Non-Small Cell Lung Cancers (NSCLC) make up the major part of lung cancers and are more resistant to chemotherapy and radiation therapy than small cell lung cancers1. Previous research has proved that the hyperactivation of epidermal growth factor receptor (EGFR) pathway is the keystone in NSCLC oncogenesis2,3. EGFR, located on the cell surface, activates proliferative and cell-survival signals by triggering the downstream kinase (such as AKT1)4. Based on the above molecular mechanism, targeted drug EGFR tyrosine kinase inhibitors (TKIs) (e.g. erlotinib, gefitinib and icotinib hydrochloride) were developed to treat patients with activating mutations in EGFR5 . Clinical trials show that patients with activating mutations in EGFR responded better when treated with TKI than with chemotherapy6.

TKIs have a distinguishing adverse drug reaction (ADR) profile from chemotherapy and radiation therapy. They significantly lower the risk of typical severe ADRs to chemotherapy (e.g., neutropenia, thrombocytopenia, anaemia, nausea, constipation, increased ALT, fatigue). However, TKIs increase the risk of skin injury (mainly skin rash) and digestive tract injury (mainly diarrhea)7,8, both of which still cause considerable discomfort.

Identifying genetic biomarkers for drug response can facilitate personalized medication, which aims to maximize the therapeutic effect and minimize ADRs according to each individual’s profile, e.g., genetic information. So far, studies have mainly focused on the activating mutations in the tyrosine kinase domain of EGFR and have proved that they are predictive biomarkers of therapeutic response to TKIs9,10,11. However the proper biomarkers for TKIs induced ADRs have not yet been fully investigated.

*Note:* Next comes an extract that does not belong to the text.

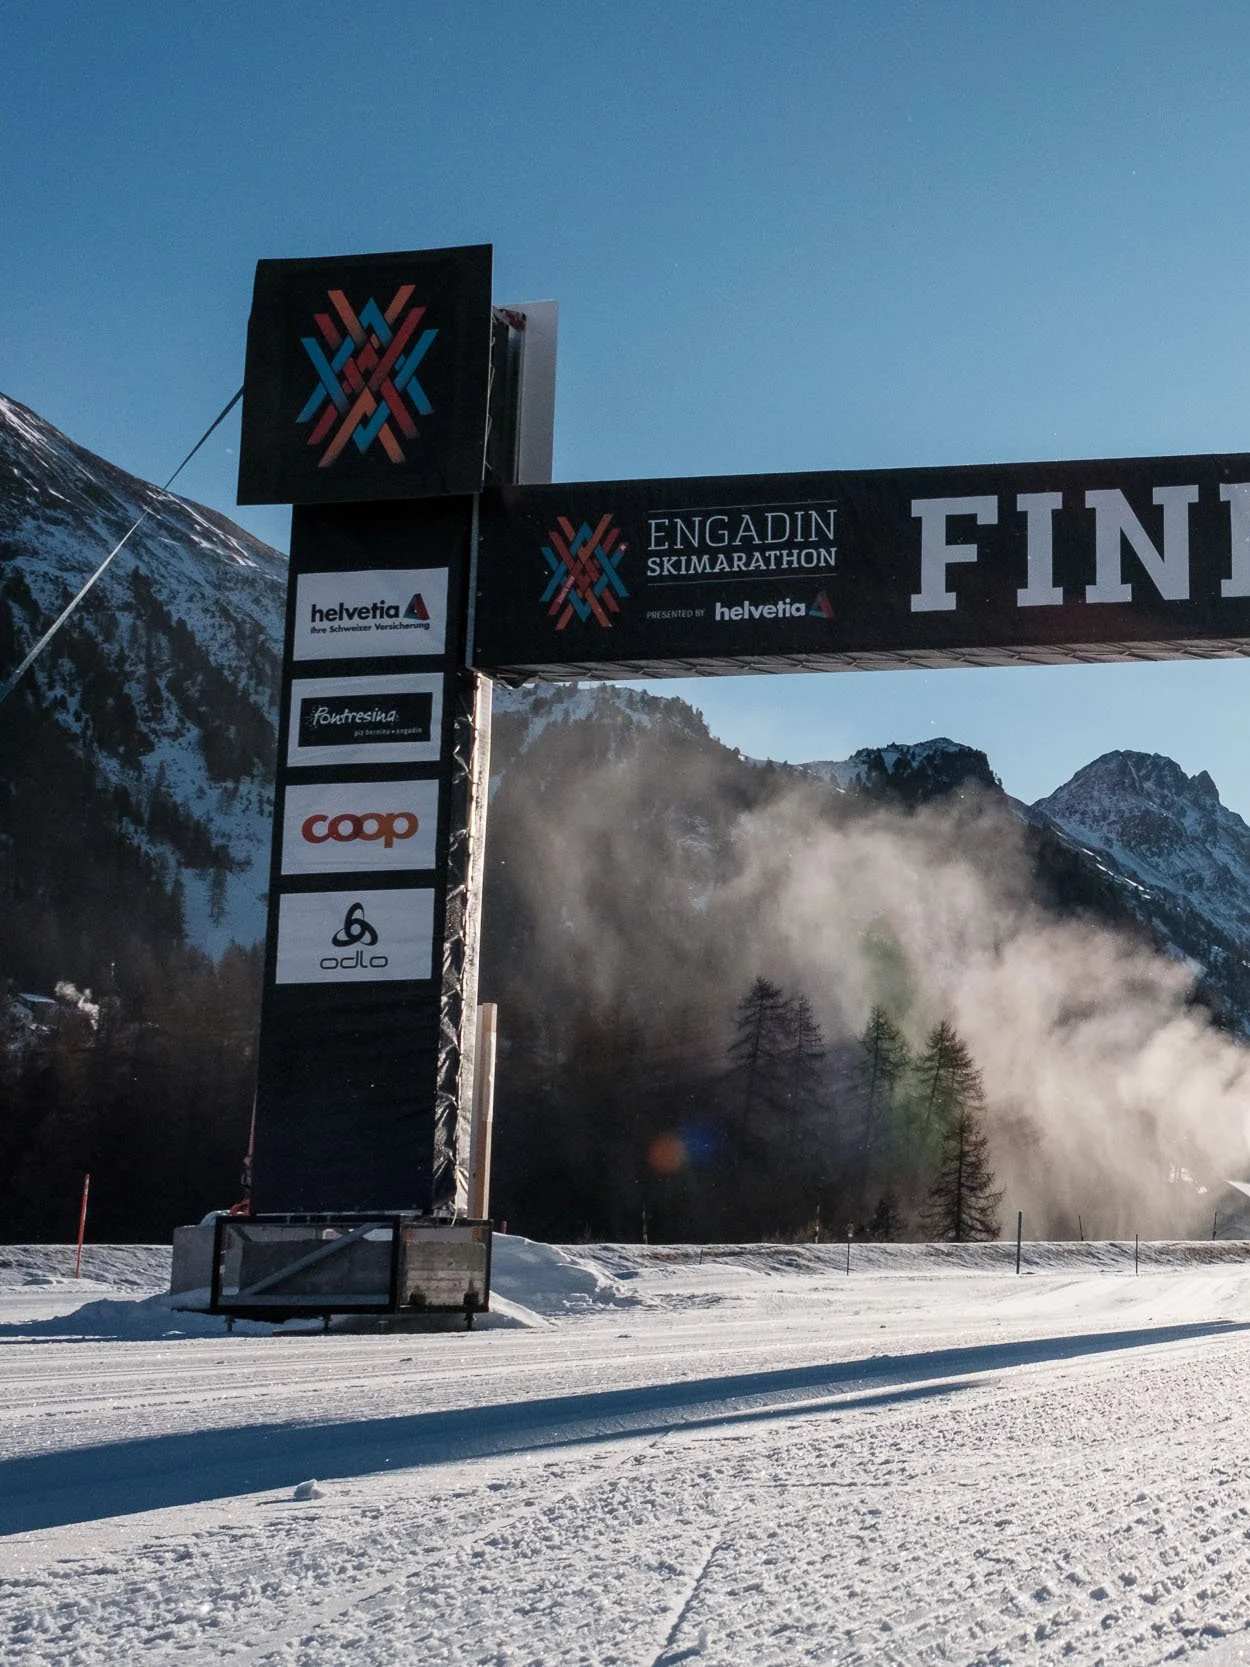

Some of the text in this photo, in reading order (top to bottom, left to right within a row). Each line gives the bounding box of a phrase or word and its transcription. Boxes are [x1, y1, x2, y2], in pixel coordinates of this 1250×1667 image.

Previous studies have revealed the mechanism of skin rash and diarrhea and their possible correlations with therapeutic responses. The potential for skin rash to be used as a predictor of therapeutic response to TKIs6,12,13 lies in the fact that skin injuries are “on-target” effects caused by the down-stream inhibition of EGFR signaling that interferes the proper function of epidermal cells14,15,16. Unlike skin rash which is the specific response to the inhibition of EGFR signaling, TKI-induced diarrhea is the general result from interference caused by TKI drug molecules7.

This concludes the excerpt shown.